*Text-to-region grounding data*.

+ + + +

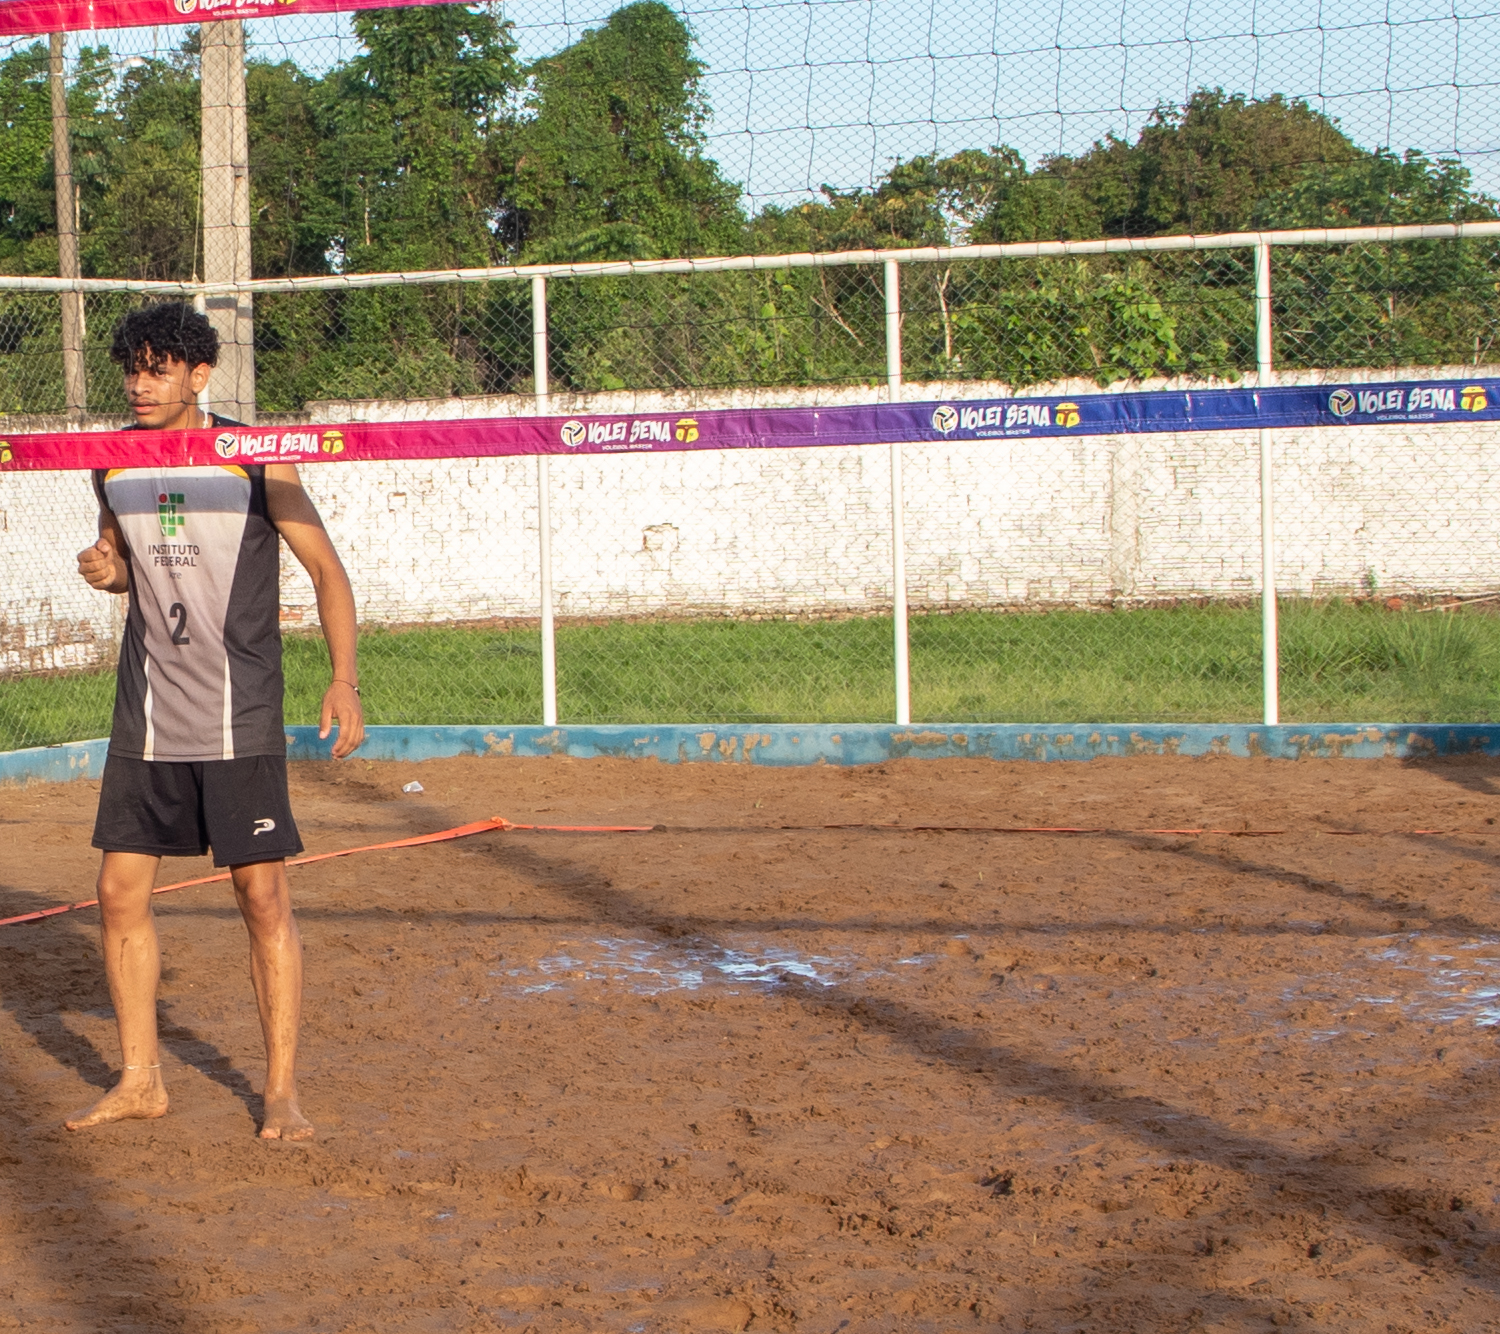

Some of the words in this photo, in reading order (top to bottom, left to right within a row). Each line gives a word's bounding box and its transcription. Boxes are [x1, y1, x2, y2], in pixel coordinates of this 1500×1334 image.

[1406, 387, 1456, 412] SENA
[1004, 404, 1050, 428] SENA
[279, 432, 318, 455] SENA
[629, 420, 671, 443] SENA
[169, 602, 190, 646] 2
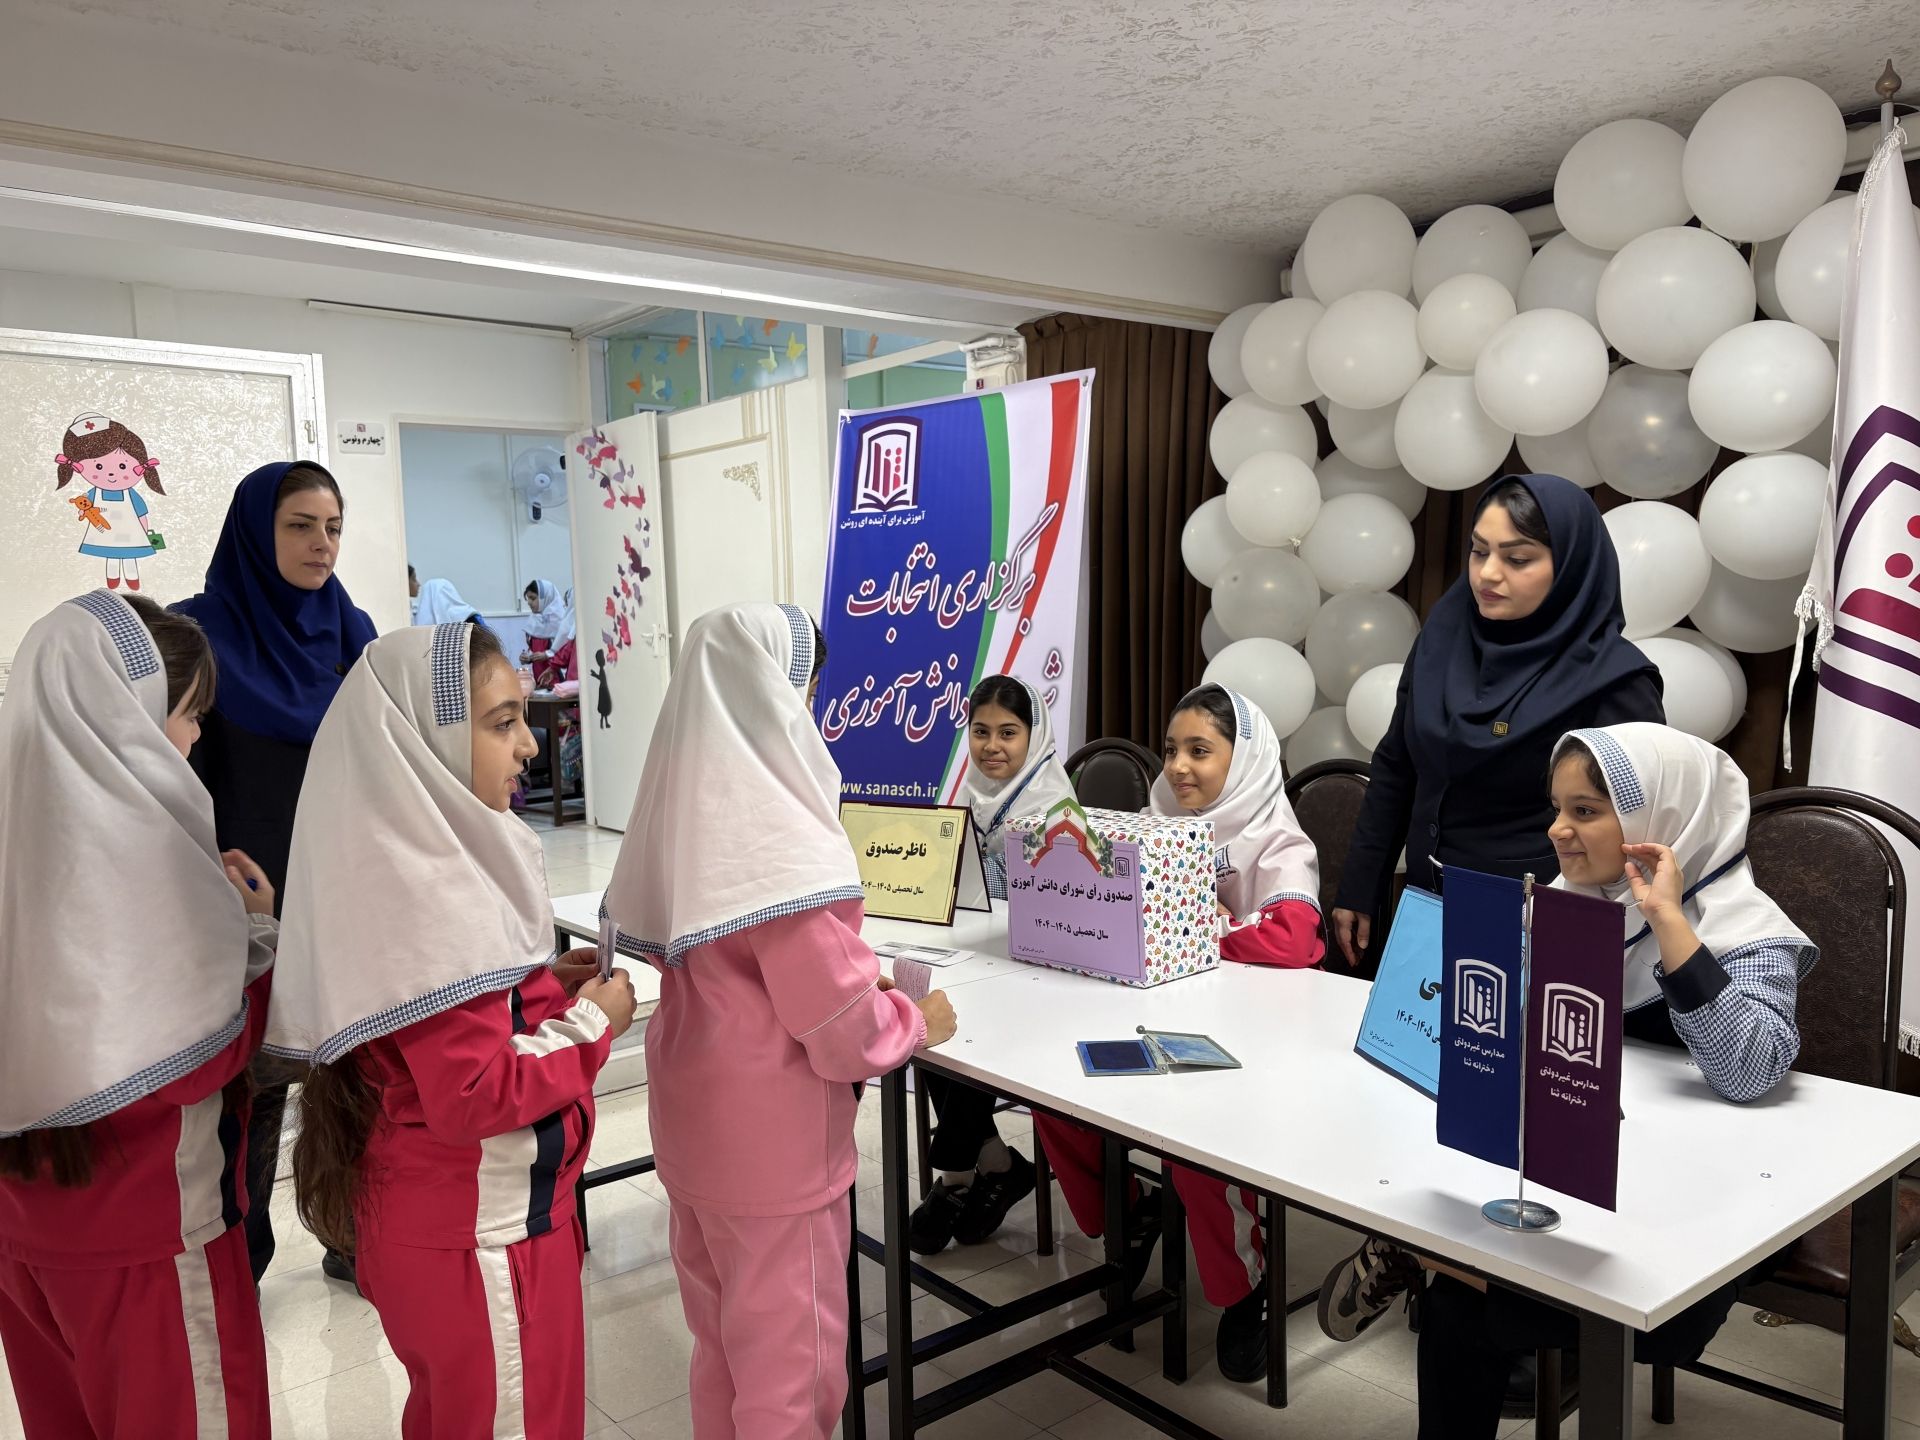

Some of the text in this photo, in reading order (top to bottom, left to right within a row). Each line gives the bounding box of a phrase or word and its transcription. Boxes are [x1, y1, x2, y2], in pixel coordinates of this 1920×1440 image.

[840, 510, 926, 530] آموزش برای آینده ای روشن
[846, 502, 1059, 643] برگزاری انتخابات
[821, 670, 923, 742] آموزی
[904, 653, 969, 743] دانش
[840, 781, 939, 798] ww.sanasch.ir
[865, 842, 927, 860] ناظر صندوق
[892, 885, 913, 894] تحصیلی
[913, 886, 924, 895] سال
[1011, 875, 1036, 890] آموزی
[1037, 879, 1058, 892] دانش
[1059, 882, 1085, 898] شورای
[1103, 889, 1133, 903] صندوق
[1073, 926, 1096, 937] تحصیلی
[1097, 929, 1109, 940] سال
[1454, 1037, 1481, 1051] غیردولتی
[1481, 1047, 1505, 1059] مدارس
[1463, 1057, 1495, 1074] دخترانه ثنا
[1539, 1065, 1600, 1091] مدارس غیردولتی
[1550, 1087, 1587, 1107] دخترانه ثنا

+ + + +

*Your instructions*. Only the lines from the one containing "Some of the text" through the end of the entries above belong in the answer; repeat them exactly.

*Finished exercise*.
Some of the text in this photo, in reading order (top to bottom, left to right within a row). Each line gives the bounding box of a phrase or word and its transcription. Boxes are [x1, y1, x2, y2], in pixel coordinates of this 1920×1440 image.

[840, 510, 926, 530] آموزش برای آینده ای روشن
[846, 502, 1059, 643] برگزاری انتخابات
[821, 670, 923, 742] آموزی
[904, 653, 969, 743] دانش
[840, 781, 939, 798] ww.sanasch.ir
[865, 842, 927, 860] ناظر صندوق
[892, 885, 913, 894] تحصیلی
[913, 886, 924, 895] سال
[1011, 875, 1036, 890] آموزی
[1037, 879, 1058, 892] دانش
[1059, 882, 1085, 898] شورای
[1103, 889, 1133, 903] صندوق
[1073, 926, 1096, 937] تحصیلی
[1097, 929, 1109, 940] سال
[1454, 1037, 1481, 1051] غیردولتی
[1481, 1047, 1505, 1059] مدارس
[1463, 1057, 1495, 1074] دخترانه ثنا
[1539, 1065, 1600, 1091] مدارس غیردولتی
[1550, 1087, 1587, 1107] دخترانه ثنا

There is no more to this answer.